Until we know more about how regulators and legal experts are likely to treat each individual token, it’s worth exploring what the current securities laws are and how they might apply to Coinbase. That’s exactly what I did in my last piece with Alex Wilhelm for TechCrunch+, where we took a deep dive into the four-part “Howey Test” to try and determine whether the SEC or Coinbase has a stronger argument here.

TC+ analysis

Here’s some of this week’s crypto analysis available on our senior reporter’s subscription service TC+ Jacquelyn Melinek:

Crypto Valuations Could Fall Until September While VCs Play a Waiting Game
“In recent months, tons of capital has been raised in the crypto industry, but there has been a noticeable pause in implementation. That could change in the coming months. As it has taken longer to close crypto VC deals, valuations have fallen across the industry, according to David Nageventure capital portfolio manager at Arca.”

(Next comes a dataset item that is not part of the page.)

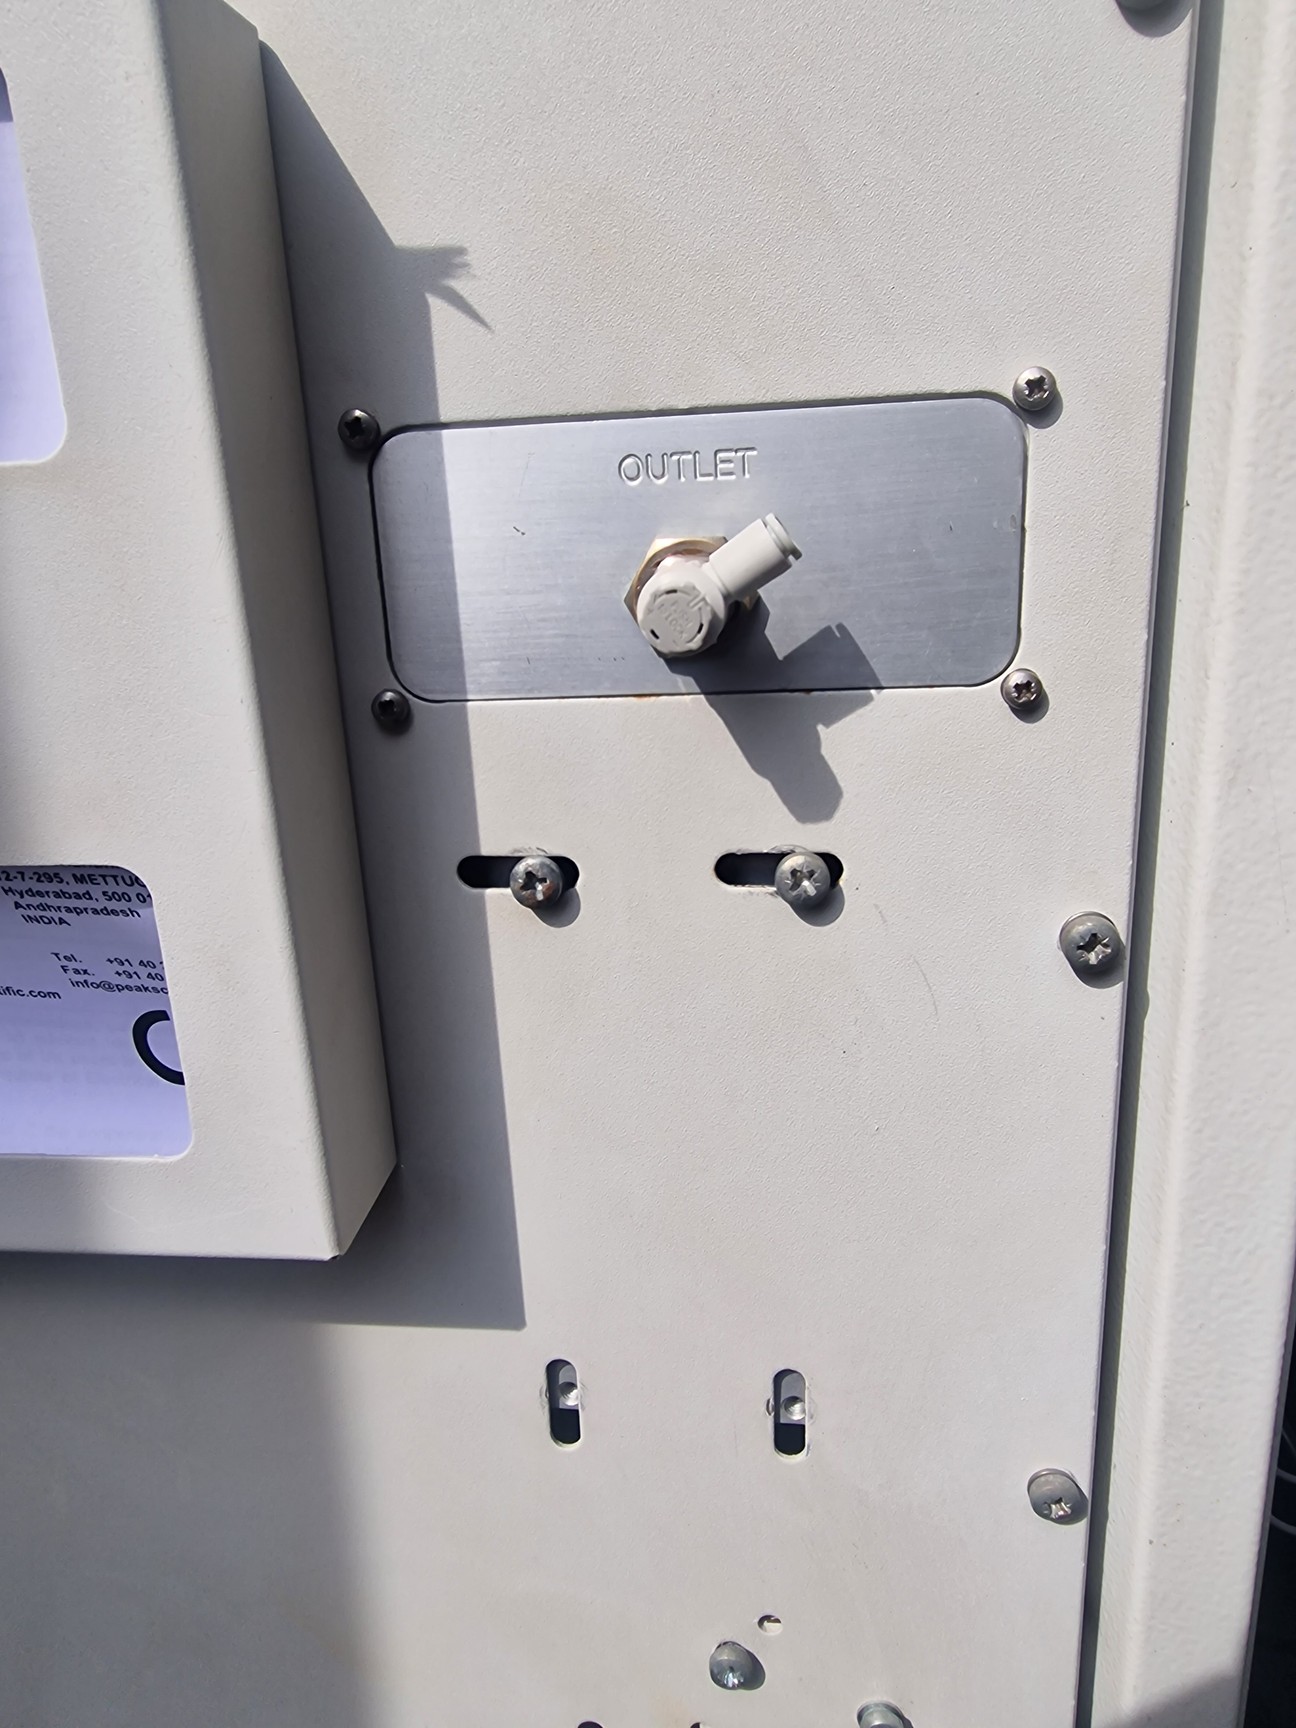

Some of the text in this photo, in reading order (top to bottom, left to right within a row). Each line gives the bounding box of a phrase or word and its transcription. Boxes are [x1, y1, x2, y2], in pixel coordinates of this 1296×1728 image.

Investors are targeting DeFi as it remains resilient to crypto market volatility
“As many crypto market subsectors continue to be hit hard by recent volatility, some market players view decentralized finance (DeFi) as resilient and interesting despite the negative macroeconomic environment. Centralized financial institutions are similar to traditional companies, with people running their operations and managing their funds. In contrast, DeFi protocols use technology – not humans – to run services through things like smart contracts.”